>> Greg Bensinger, The New York Times
Published: 2021-06-15 11:11:15 BdST
That’s a diplomatic way of describing what amounts to tech companies’ cynicism toward their own customers. Time was, companies worked to meet customer needs, but tech businesses have turned that on its head, making it the customer’s job to improve their products, services, advertising and revenue models.
With little regulatory accountability, this pursuit is a particular fixation for the biggest tech companies, which have the unique ability to pinpoint customers’ every online move. As part of this economy of surveillance there is perhaps nothing more valuable than knowing users’ locations.
So it was that Google executives were dismayed over a most inconvenient discovery: When they made it simpler to halt digital location tracking, far too many customers did so. According to recently unredacted documents in a continuing lawsuit brought by the state of Arizona, Google executives then worked to develop technological workarounds to keep tracking users even after they had opted out. So much for the customer always being right.
Rather than abide by its users’ preferences, Google allegedly tried to make location-tracking settings more difficult to find and pressured smartphone manufacturers and wireless carriers to take similar measures. Even after users turned off location tracking on their devices, Google found ways to continue tracking them, according to a deposition from a company executive.

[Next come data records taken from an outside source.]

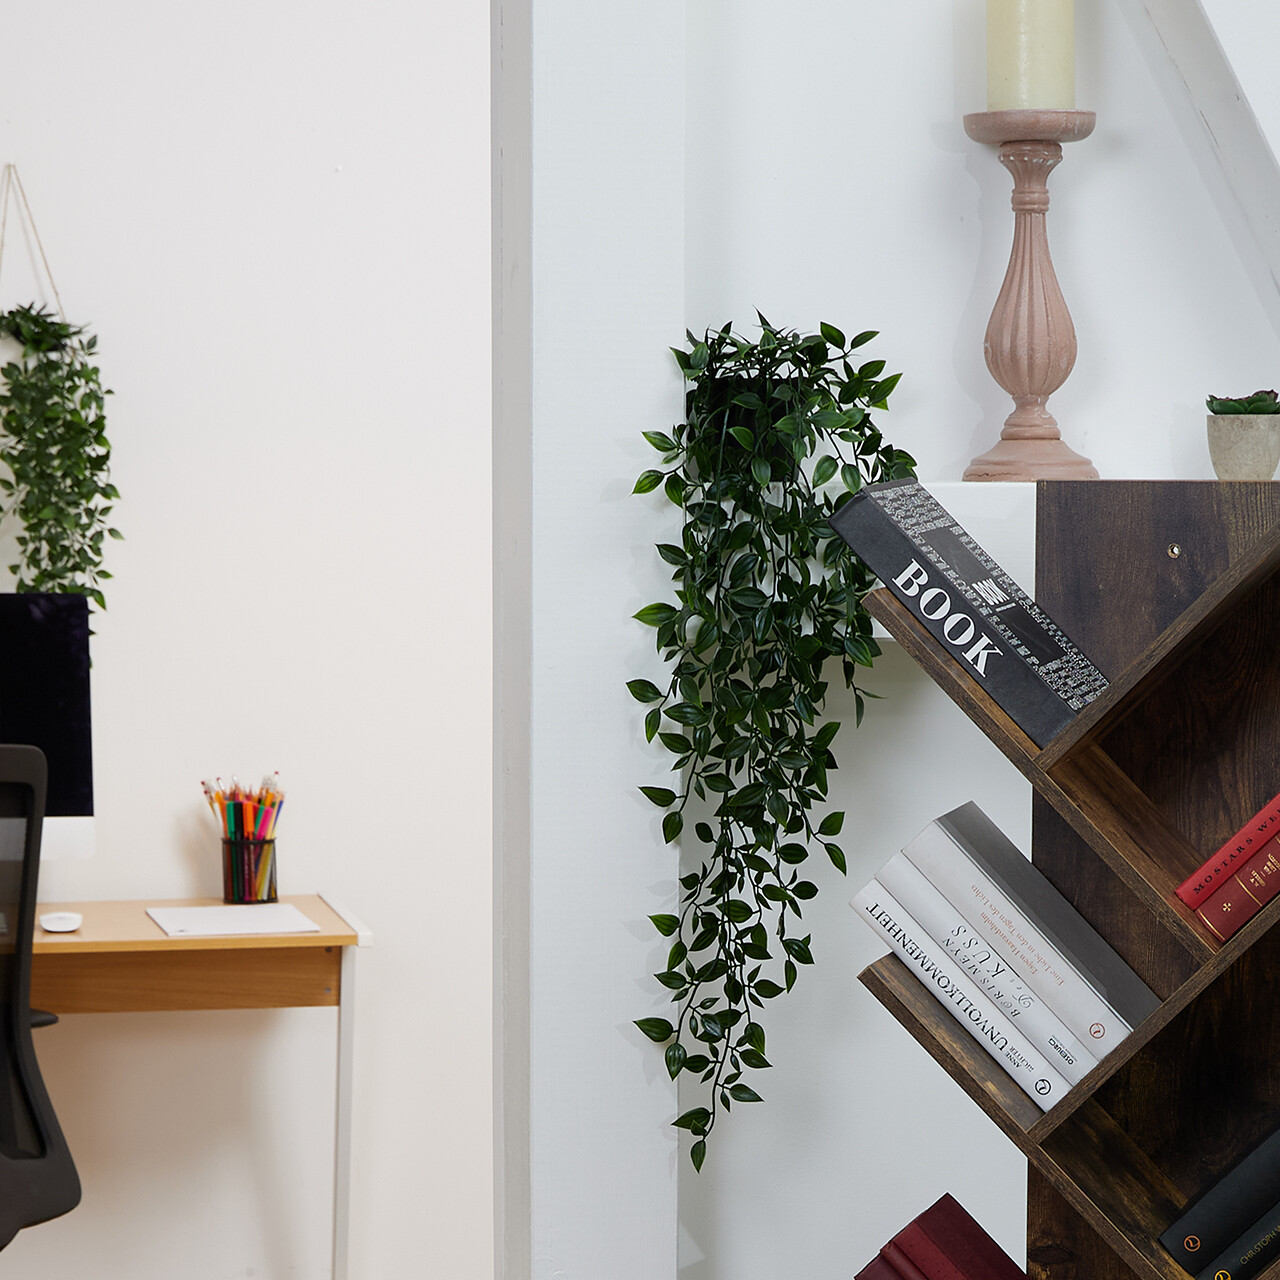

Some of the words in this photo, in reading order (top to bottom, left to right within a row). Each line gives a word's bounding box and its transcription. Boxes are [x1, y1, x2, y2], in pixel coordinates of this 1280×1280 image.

[892, 558, 1004, 677] BOOK
[971, 578, 1010, 606] BOOK
[1193, 836, 1253, 895] MOSTARS
[865, 902, 1009, 1051] UNVOLLKOMMENHEIT
[941, 937, 980, 976] MEYN
[951, 924, 1006, 979] KUSS

How then can we accept the company’s word when it says “privacy is at the heart of everything we do”?
According to the documents, one executive — a location product manager no less — couldn’t unpack all the ways Google tracks customers. Other employees complained that there was no clear way for consumers to provide their location to a non-Google app without it ultimately being shared with Google.

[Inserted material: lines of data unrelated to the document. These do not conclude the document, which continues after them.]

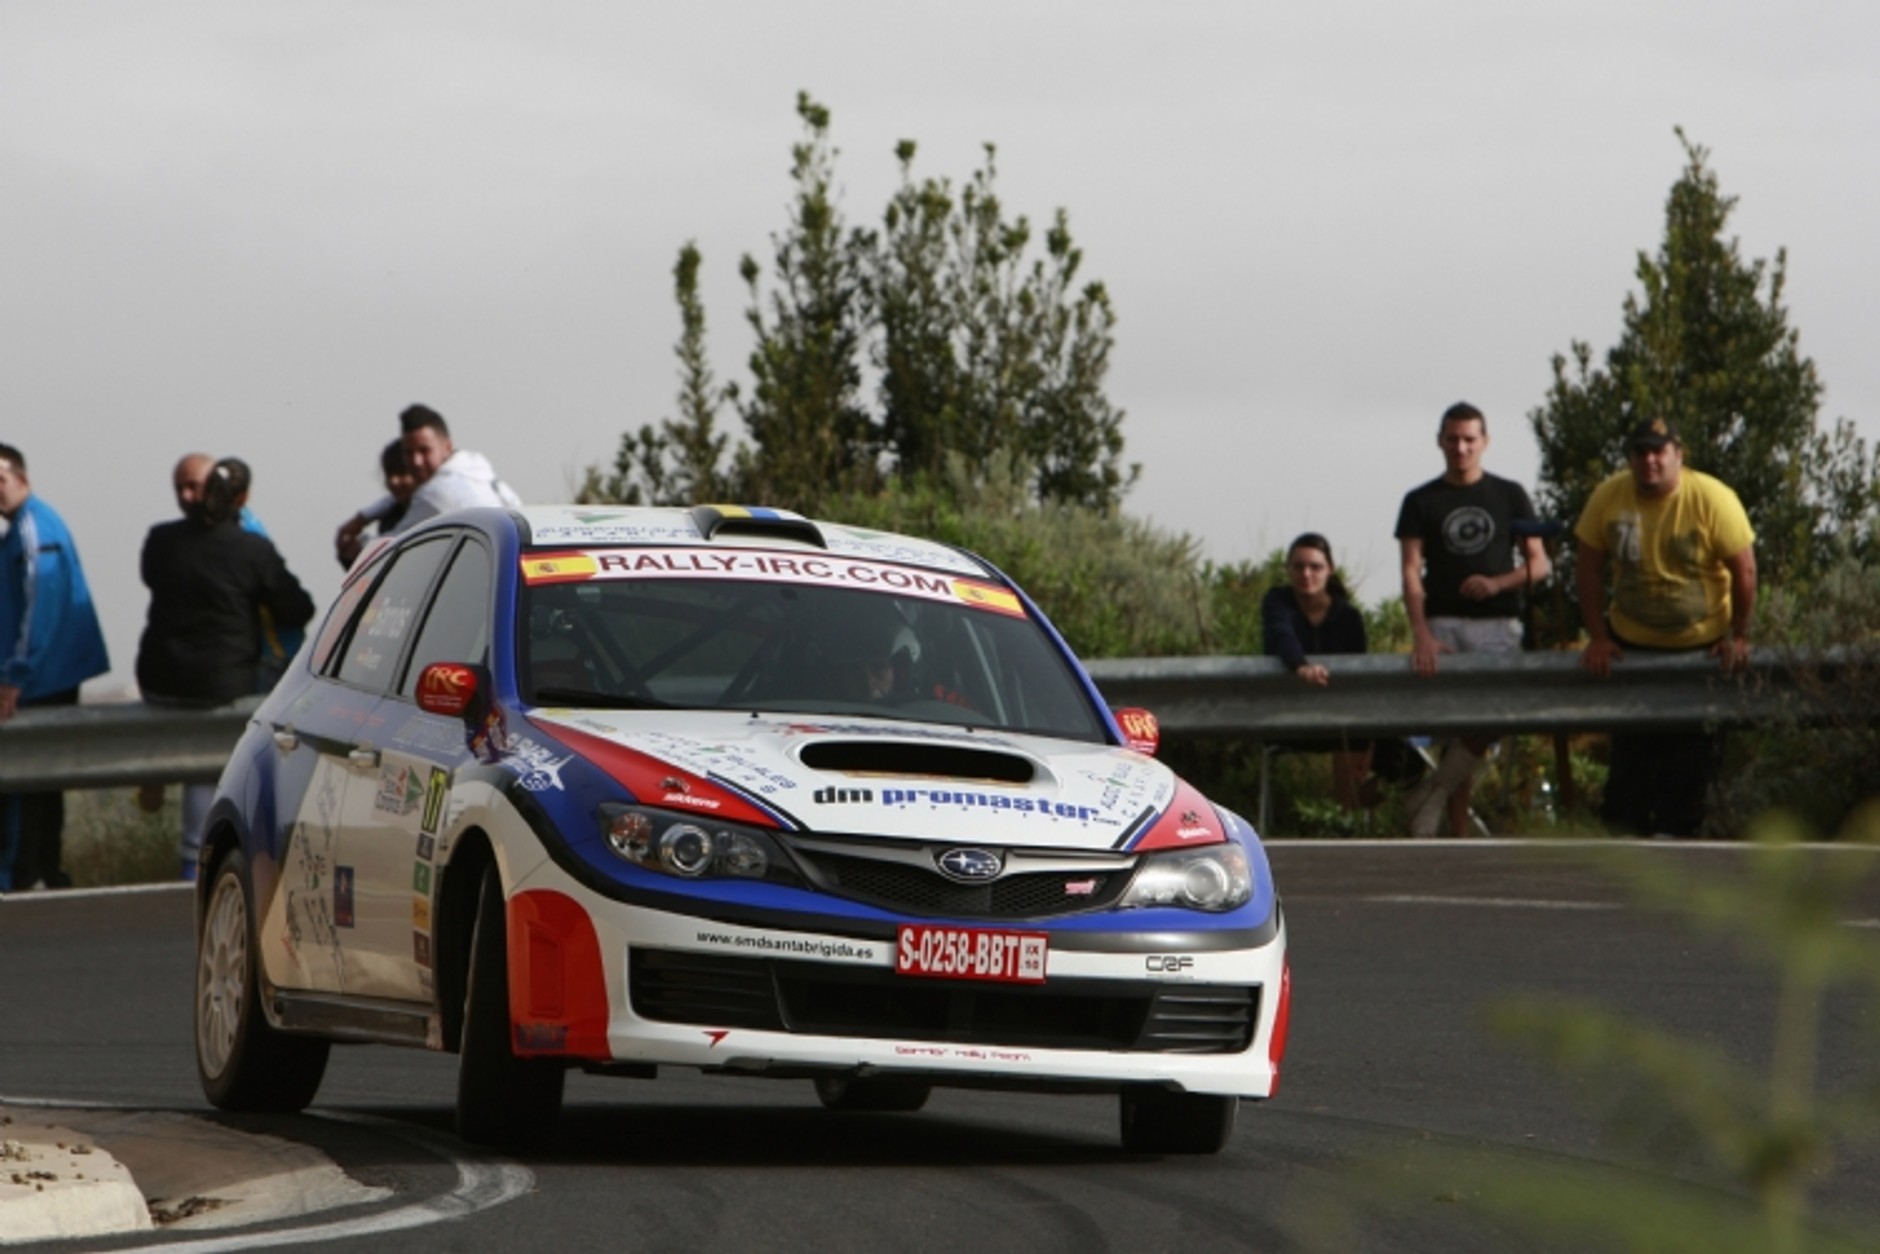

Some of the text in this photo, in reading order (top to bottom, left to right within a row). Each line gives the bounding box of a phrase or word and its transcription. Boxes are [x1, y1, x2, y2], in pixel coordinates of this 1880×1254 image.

[600, 554, 951, 595] RALLY-IRC.COM
[426, 667, 468, 693] IRC
[813, 786, 873, 804] dm
[881, 788, 1100, 822] promaster
[697, 932, 873, 957] www.smdsantabrigida.es
[900, 928, 1019, 977] S-0258-BBT

The lawsuit stems from a 2018 Associated Press investigation that demonstrated Google’s insatiable appetite for valuable location data and how it stores users’ histories even when users ask the company not to. Arizona alleges that by tracking without users’ consent, Google violated consumer protection laws that prohibit companies from mischaracterising their business practices (Google has denied the allegations).

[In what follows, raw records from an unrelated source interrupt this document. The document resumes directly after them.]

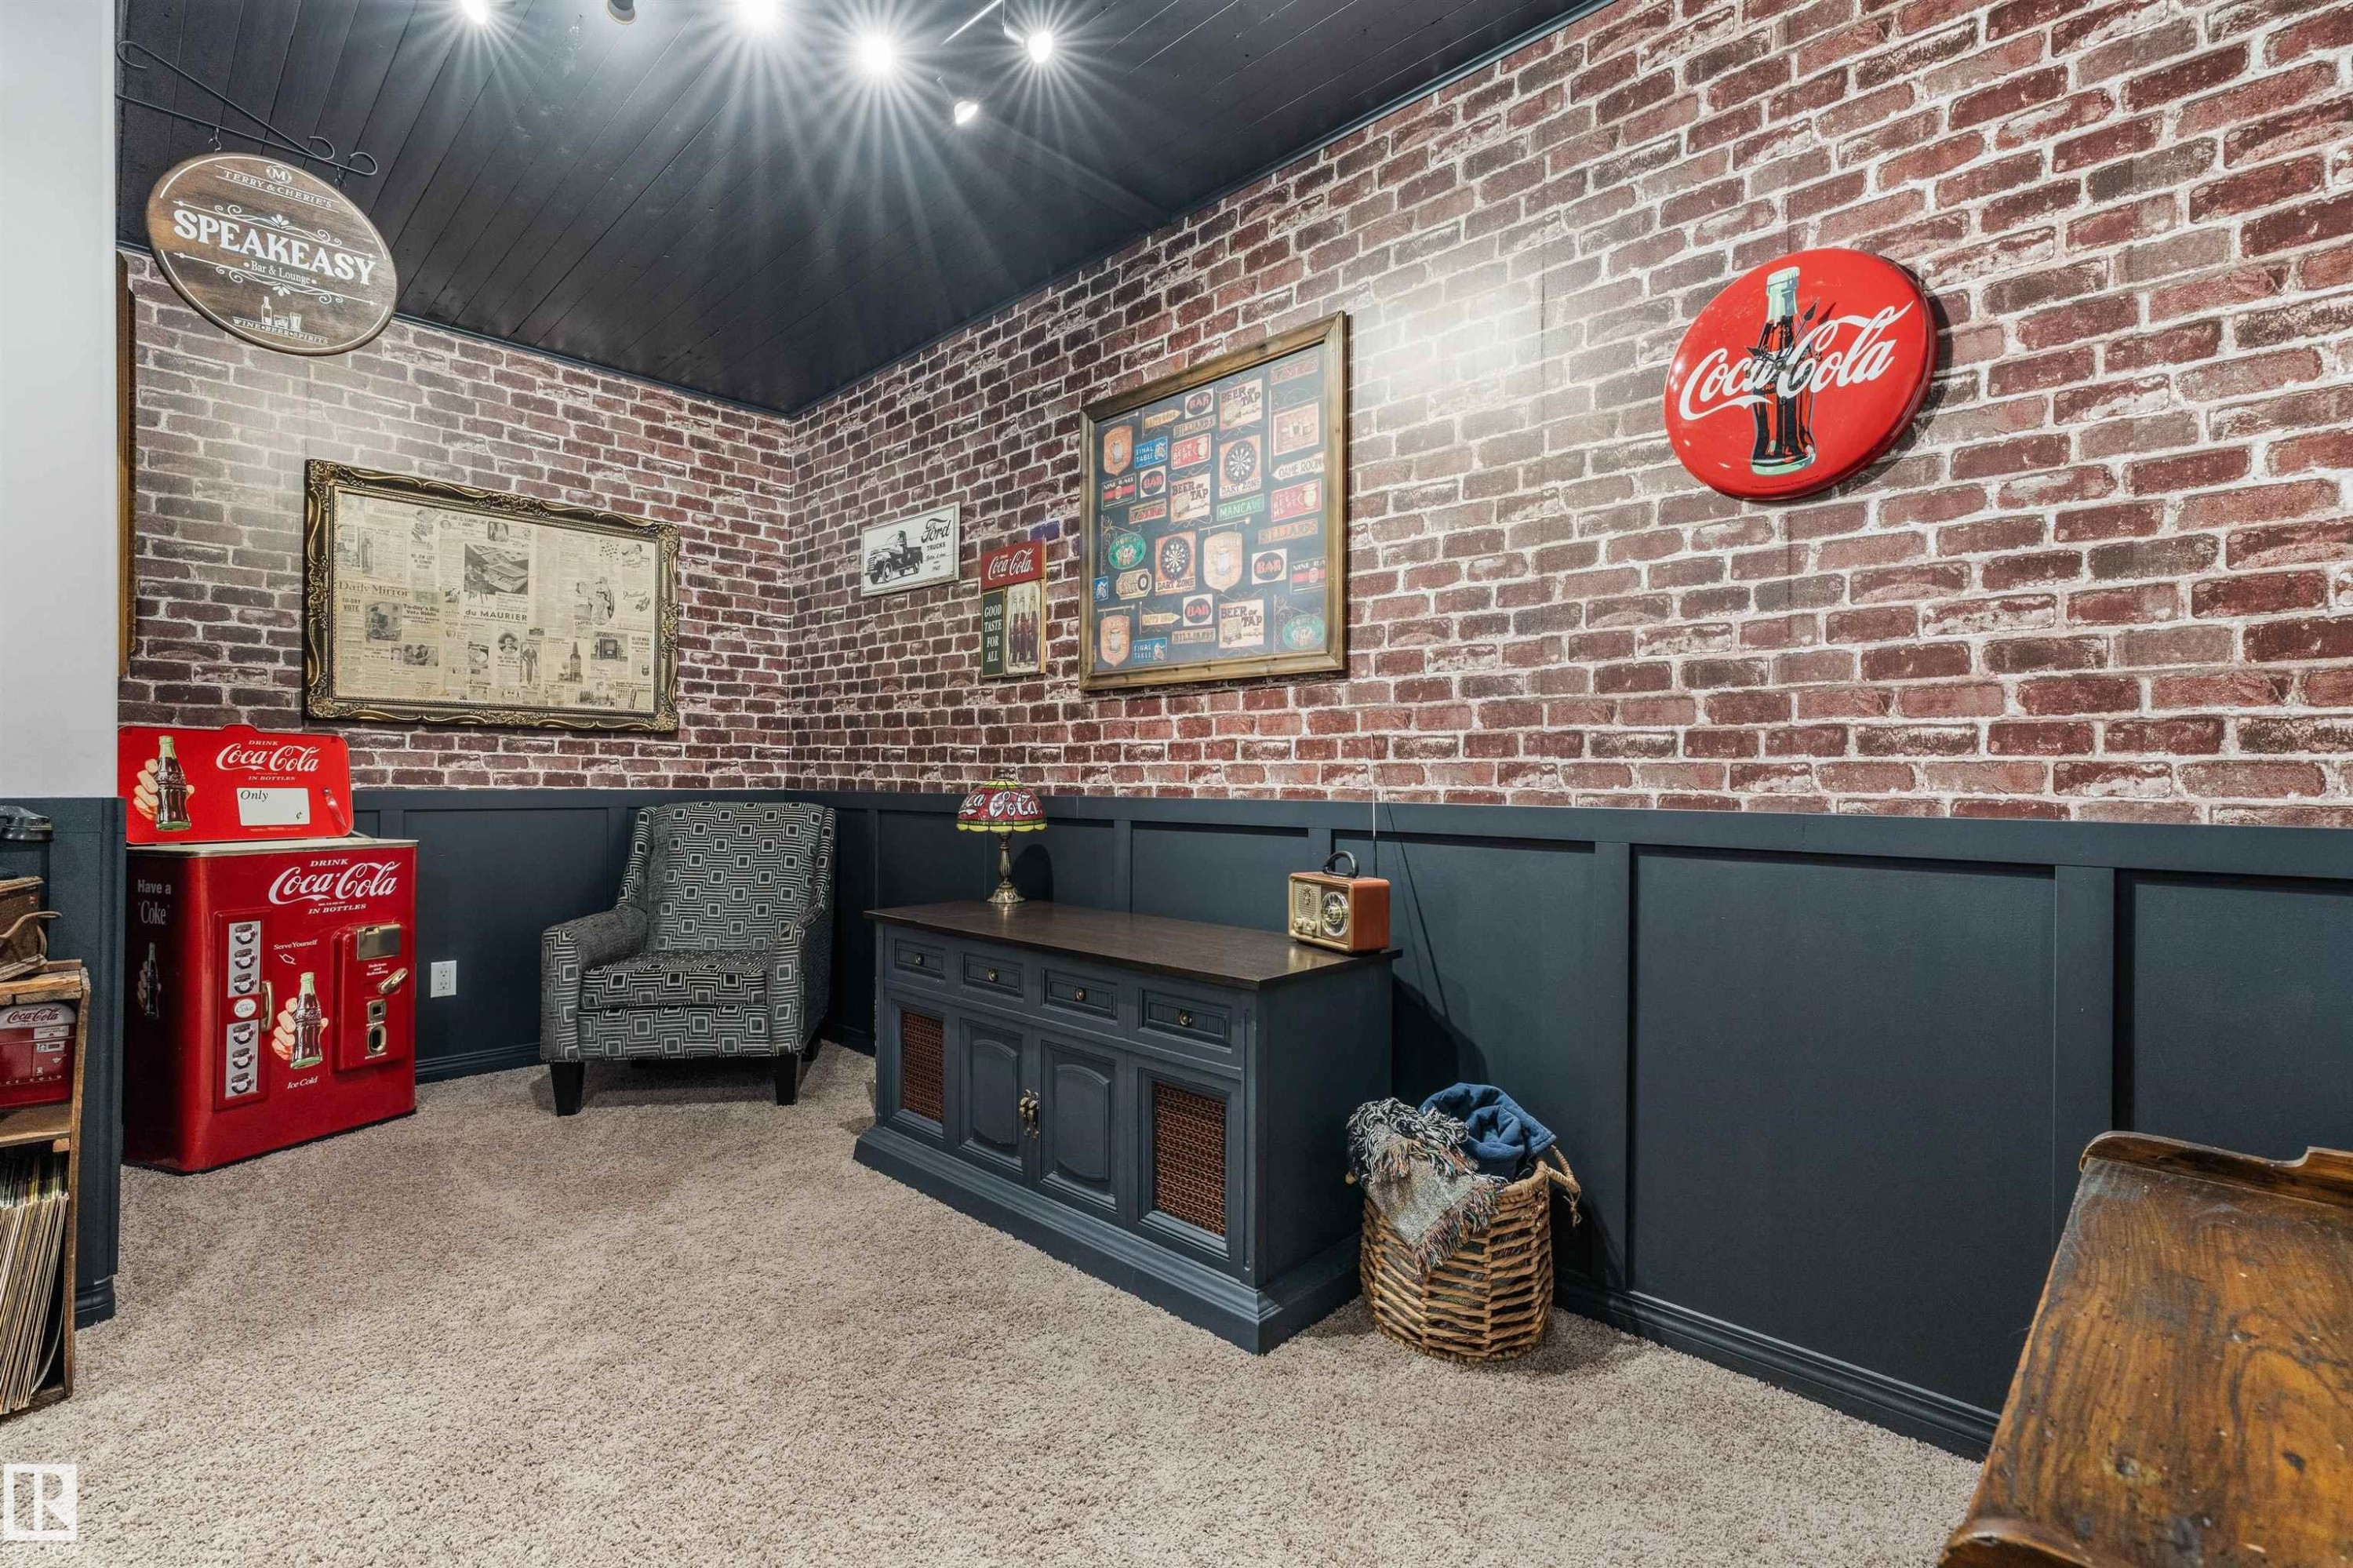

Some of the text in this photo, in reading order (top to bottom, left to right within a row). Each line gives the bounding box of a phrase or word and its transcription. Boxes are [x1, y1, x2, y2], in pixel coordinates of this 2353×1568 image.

[273, 169, 286, 180] M
[224, 170, 264, 187] TERRY
[278, 186, 332, 209] CHERIE'S
[173, 209, 376, 286] SPEAKEASY
[251, 260, 311, 285] Bar & Lounge
[233, 318, 329, 344] WINE BEER SPIRITS
[1221, 387, 1246, 403] BEER
[1241, 391, 1261, 406] TAP
[1136, 446, 1154, 455] FINAL
[1136, 454, 1153, 463] TABLE
[1144, 475, 1162, 489] BAR
[1172, 482, 1195, 496] BEER
[1221, 483, 1239, 495] DART
[1190, 488, 1209, 501] TAP
[921, 518, 951, 543] Ford
[926, 541, 946, 551] TRUCKS
[988, 548, 1035, 580] Coca-Cola
[1257, 559, 1282, 574] BAR
[339, 581, 411, 596] Daily Mirror
[480, 610, 528, 621] MAURIER
[984, 604, 1002, 618] GOOD
[1220, 606, 1248, 619] BEER
[984, 619, 1002, 632] TASTE
[1241, 616, 1263, 627] TAP
[987, 635, 999, 648] FOR
[987, 650, 999, 663] ALL
[216, 743, 321, 772] Coca-Cola
[240, 790, 269, 802] Only
[309, 858, 349, 867] DRINK
[137, 879, 172, 895] Have a
[267, 861, 402, 904] Coca-Cola
[322, 904, 366, 913] BOTTLES
[292, 939, 318, 948] Yourself
[7, 1007, 62, 1024] Coca-Cola
[287, 1076, 319, 1090] Ice Cold

Only now, three years after the AP report, is Google rolling out an option to obscure precise location data for apps running on its Android mobile software. Really, does a chess app need to know a user is on the 300 block of Lexington Avenue?
It isn’t hard to find other ways that tech companies trample on consumers’ trust. Apple gave users the option to halt apps from tracking their activity across the mobile web, and some 93% of US iPhone users have opted for less tracking. That prompted Facebook to tell customers that they don’t know what’s good for them and other app developers to search for workarounds, evidently against customers’ will.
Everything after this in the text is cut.